Credit National Digital Library of the United States Fish and Wildlife Service

A coalition of conservation groups announced Friday, June 30, they intend to sue the U.S. Fish and Wildlife Service (USFWS) unless it decides to ban trophy hunting of grizzly bears.

USFWS delisted Yellowstone-area bears last month with the support of members of the Wyoming Game and Fish Department, who said that the population is recovered and ready for state management.

But four organizations including the Northern Cheyenne tribe and the Center for Biological Diversity argue that the most recent data is telling a different story. The interagency team that monitors grizzly bears reported declines in the population from 2014 to 2016 – partially related to conflicts with humans.

Center for Biological Diversity attorney Andrea Santarsiere said that’s also because food sources like cutthroat trout and whitebark pine are declining.

“Bears are shifting to more of a meat-based diet,” Santarsiere said. “And as a result of that, they’re coming into more conflicts: more conflicts with livestock, more conflicts with people, and more conflicts with other bears.”

Research has shown that bears generally do eat more meat during years when whitebark pine seeds are in short supply. 

But advocates of delisting see the increase in human-bear conflicts as a sign that the population is high enough. Under the current plan, Wyoming will be allowed to create a hunting season until the bear population dips to six hundred or fewer.

Santarsiere says she’s not only worried about the number of bears, but also their genetic diversity.

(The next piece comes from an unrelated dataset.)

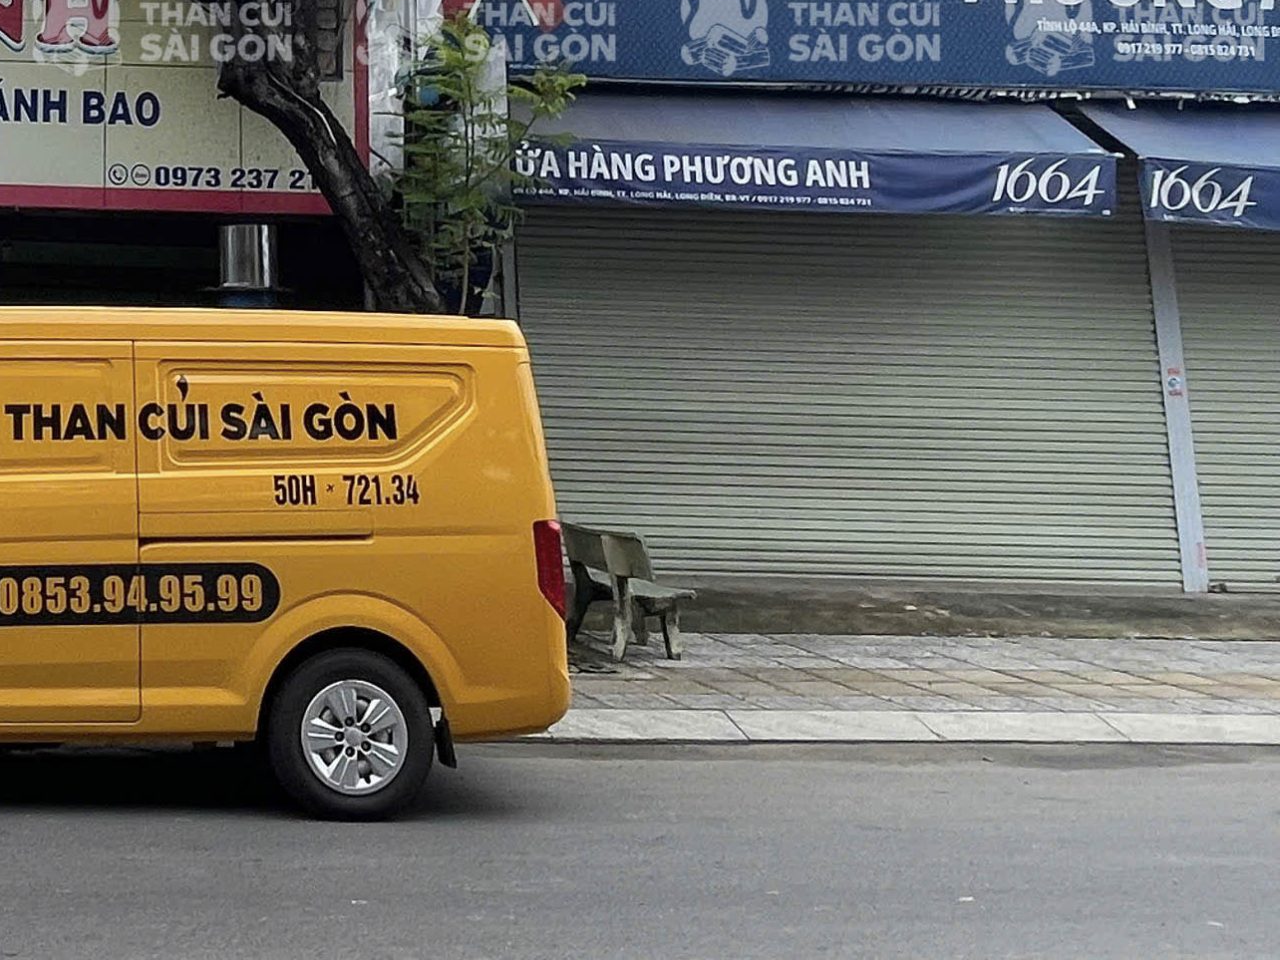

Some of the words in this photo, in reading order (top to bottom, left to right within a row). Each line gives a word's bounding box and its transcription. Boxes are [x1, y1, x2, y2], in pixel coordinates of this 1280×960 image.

Santarsiere said, “If they delist them, the chances of a grizzly bear actually making it to another population decrease dramatically. Because once they leave the park, they might be subjected to hunting. And that creates potential genetic problems in the long term.”

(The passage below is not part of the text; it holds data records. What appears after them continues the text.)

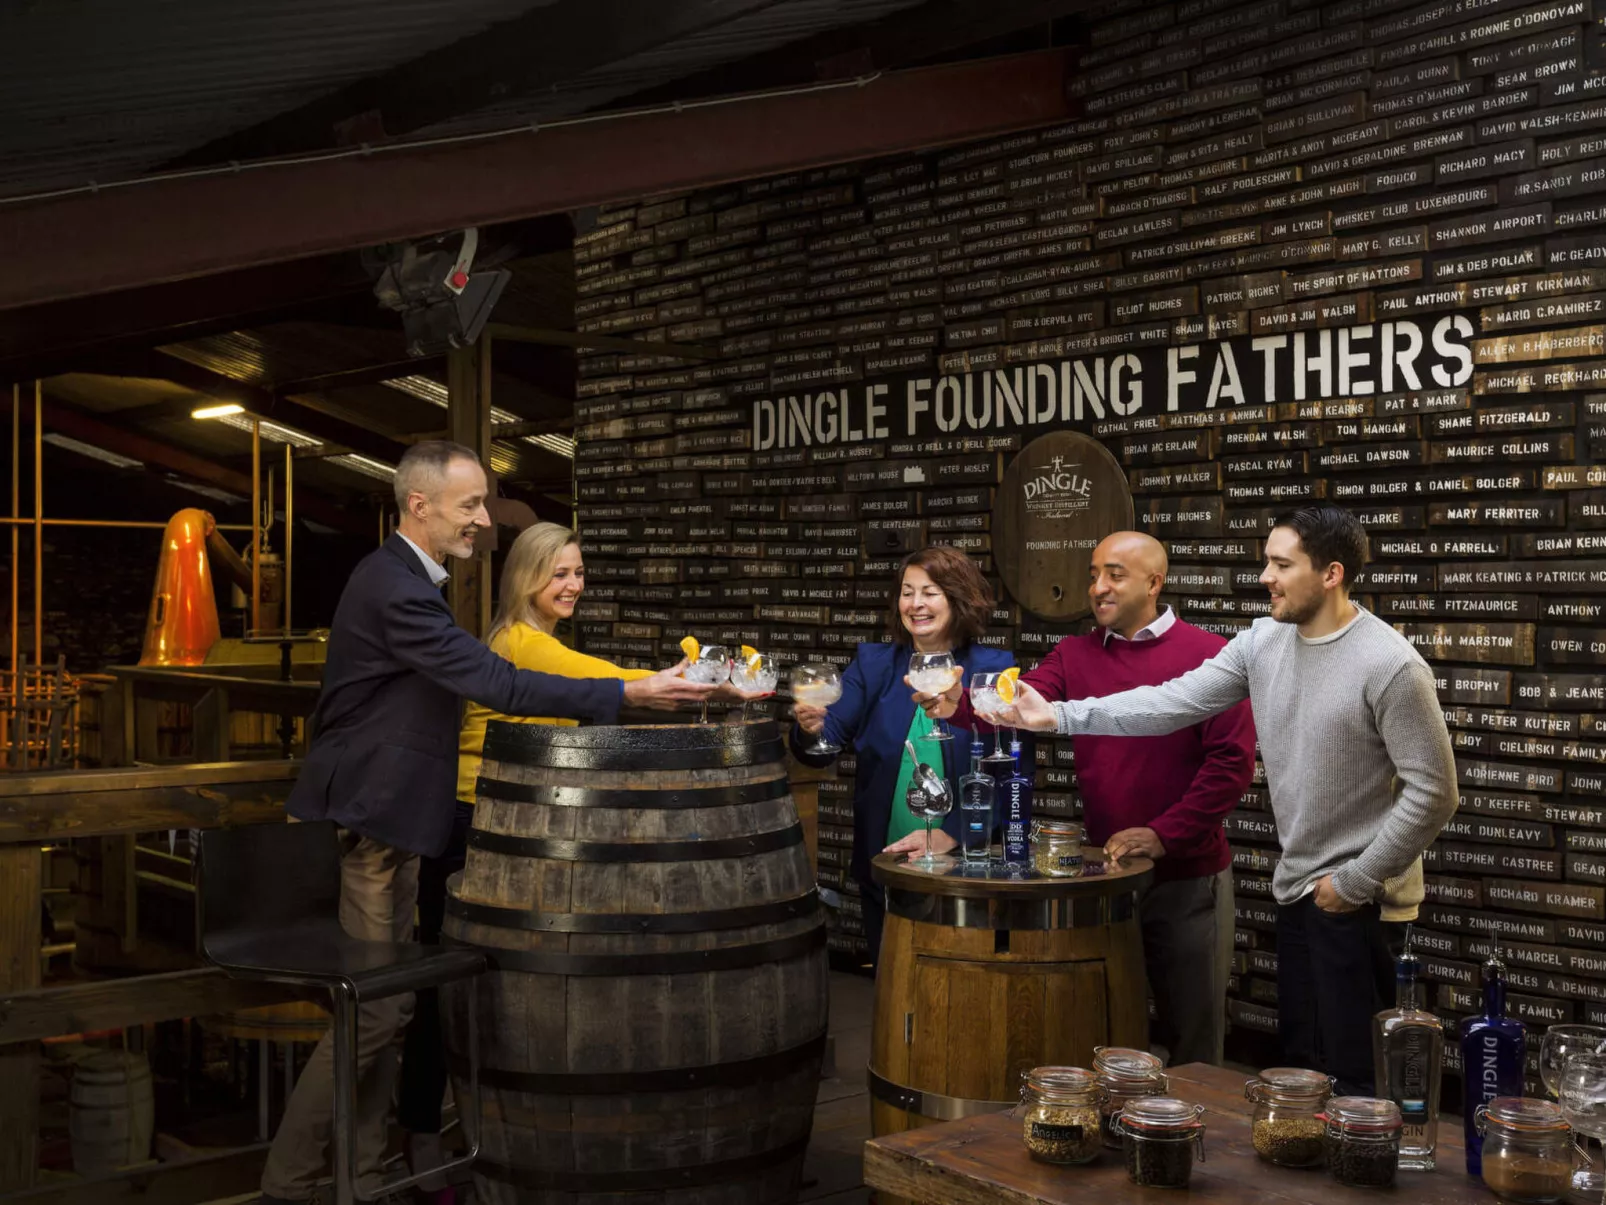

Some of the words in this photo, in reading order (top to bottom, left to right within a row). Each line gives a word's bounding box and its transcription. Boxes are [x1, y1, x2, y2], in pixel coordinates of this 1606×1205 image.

[1419, 34, 1456, 52] CAHILL
[1470, 21, 1510, 40] RONNIE
[1514, 2, 1584, 28] O'DONOVAN
[1376, 75, 1410, 90] PAULA
[1417, 64, 1450, 80] QUINN
[1496, 71, 1528, 88] SEAN
[1535, 58, 1576, 79] BROWN
[1554, 83, 1575, 97] JIM
[1373, 96, 1414, 114] THOMAS
[1416, 83, 1472, 104] O'MAHONY
[1394, 114, 1430, 131] CAROL
[1442, 103, 1475, 120] KEVIN
[1482, 90, 1528, 110] BARDEN
[1482, 121, 1516, 136] DAVID
[1224, 134, 1254, 150] HEALY
[1255, 150, 1290, 165] MARITA
[1300, 140, 1326, 155] ANDY
[1311, 160, 1340, 175] DAVID
[1351, 145, 1407, 167] GERALDINE
[1413, 130, 1464, 152] BRENNAN
[1541, 146, 1572, 160] HOLY
[1086, 164, 1110, 175] DAVID
[1114, 155, 1154, 169] SPILLANE
[1439, 157, 1486, 175] RICHARD
[1493, 149, 1526, 164] MACY
[1204, 184, 1228, 196] RALF
[1232, 172, 1292, 190] PODLESCHNY
[1264, 198, 1286, 208] ANNE
[1299, 188, 1323, 201] JOHN
[1329, 182, 1360, 195] HAIGH
[1335, 210, 1376, 226] WHISKEY
[1382, 203, 1409, 217] CLUB
[1415, 188, 1488, 212] LUXEMBOURG
[1270, 226, 1287, 236] JIM
[1292, 220, 1324, 233] LYNCH
[1436, 223, 1486, 242] SHANNON
[1220, 231, 1256, 245] GREENE
[1342, 241, 1370, 255] MARY
[1388, 234, 1422, 248] KELLY
[1436, 264, 1454, 276] JIM
[1456, 262, 1464, 274] &
[1467, 258, 1488, 272] DEB
[1491, 252, 1534, 268] POLIAK
[1293, 281, 1310, 292] THE
[1313, 275, 1344, 289] SPIRIT
[1347, 273, 1360, 284] OF
[1362, 266, 1410, 282] HATTONS
[1206, 292, 1243, 304] PATRICK
[1248, 284, 1280, 298] RIGNEY
[1383, 298, 1408, 310] PAUL
[1414, 290, 1465, 306] ANTHONY
[1472, 282, 1528, 299] STEWART
[1536, 275, 1590, 292] KIRKMAN
[1116, 304, 1144, 316] ELLIOT
[1148, 299, 1182, 312] HUGHES
[1260, 314, 1288, 326] DAVID
[1300, 310, 1316, 322] JIM
[1322, 304, 1356, 318] WALSH
[1496, 310, 1530, 324] MARIO
[1140, 329, 1168, 340] WHITE
[1175, 323, 1204, 335] SHAUN
[1208, 319, 1238, 332] HAYES
[754, 384, 890, 452] DINGLE
[907, 353, 1143, 436] FOUNDING
[1167, 314, 1474, 412] FATHERS
[1487, 375, 1536, 388] MICHAEL
[1300, 408, 1320, 418] ANN
[1325, 403, 1364, 416] KEARNS
[1385, 399, 1405, 411] PAT
[1412, 398, 1419, 408] &
[1426, 394, 1458, 407] MARK
[1232, 408, 1264, 421] ANNIKA
[1438, 416, 1472, 430] SHANE
[1479, 412, 1551, 426] FITZGERALD
[1134, 418, 1158, 430] FRIEL
[1337, 424, 1357, 436] TOM
[1363, 422, 1406, 434] MANGAN
[1226, 432, 1268, 443] BRENDAN
[1273, 430, 1305, 441] WALSH
[1124, 444, 1148, 456] BRIAN
[1447, 445, 1495, 457] MAURICE
[1502, 442, 1550, 455] COLLINS
[1228, 460, 1263, 472] PASCAL
[1266, 458, 1292, 470] RYAN
[1320, 454, 1360, 466] MICHAEL
[1366, 450, 1410, 460] DAWSON
[1139, 475, 1171, 486] JOHNNY
[1175, 472, 1210, 484] WALKER
[1336, 484, 1364, 495] SIMON
[1370, 482, 1408, 494] BOLGER
[1415, 482, 1422, 492] &
[1429, 480, 1468, 492] DANIEL
[1476, 477, 1520, 489] BOLGER
[1547, 472, 1578, 484] PAUL
[1024, 473, 1092, 500] DINGLE
[1229, 486, 1264, 497] THOMAS
[1270, 484, 1310, 495] MICHELS
[1142, 512, 1172, 524] OLIVER
[1177, 512, 1212, 522] HUGHES
[1359, 513, 1400, 524] CLARKE
[1448, 508, 1478, 520] MARY
[1485, 508, 1540, 519] FERRITER
[1228, 518, 1258, 528] ALLAN
[1026, 540, 1061, 550] FOUNDING
[1064, 539, 1098, 549] FATHERS
[1381, 542, 1424, 554] MICHAEL
[1444, 542, 1496, 553] FARRELL
[1537, 537, 1572, 551] BRIAN
[1372, 574, 1418, 584] GRIFFITH
[1444, 573, 1472, 584] MARK
[1476, 572, 1522, 584] KEATING
[1525, 572, 1532, 582] &
[1536, 571, 1586, 582] PATRICK
[1188, 600, 1216, 610] FRANK
[1392, 600, 1436, 611] PAULINE
[1445, 600, 1518, 612] FITZMAURICE
[1548, 604, 1601, 616] ANTHONY
[1459, 635, 1514, 648] MARSTON
[1550, 640, 1582, 652] OWEN
[1455, 680, 1500, 692] BROPHY
[1519, 686, 1542, 697] BOB
[1481, 714, 1518, 727] PETER
[1524, 718, 1571, 731] KUTNER
[1500, 742, 1554, 755] CIELINSKI
[1466, 767, 1520, 782] ADRIENNE
[1528, 774, 1554, 786] BIRD
[1571, 777, 1602, 790] JOHN
[1010, 783, 1020, 820] DINGLE
[1545, 808, 1602, 823] STEWART
[1479, 825, 1542, 841] DUNLEAVY
[1446, 852, 1495, 866] STEPHEN
[1502, 856, 1554, 872] CASTREE
[1489, 886, 1538, 902] RICHARD
[1546, 893, 1596, 908] KRAMER
[1432, 912, 1462, 926] LARS
[1468, 917, 1545, 936] ZIMMERMANN
[1568, 926, 1605, 942] DAVID
[1427, 963, 1472, 981] CURRAN
[1452, 992, 1472, 1006] THE
[1518, 1003, 1564, 1020] FAMILY
[1482, 1036, 1498, 1100] DINGLE
[1401, 1126, 1424, 1136] GIN

Santarsiere said a better approach would be for the USFWS to improve the corridors between populations, and wait to de-list until all grizzly bears in the lower 48 states have recovered. Supporters of delisting have said that the state needs the flexibility to manage the animals, and that trophy hunting is a helpful tool.

The groups are giving the federal government sixty days to reinstate protections before they’ll take the issue to court.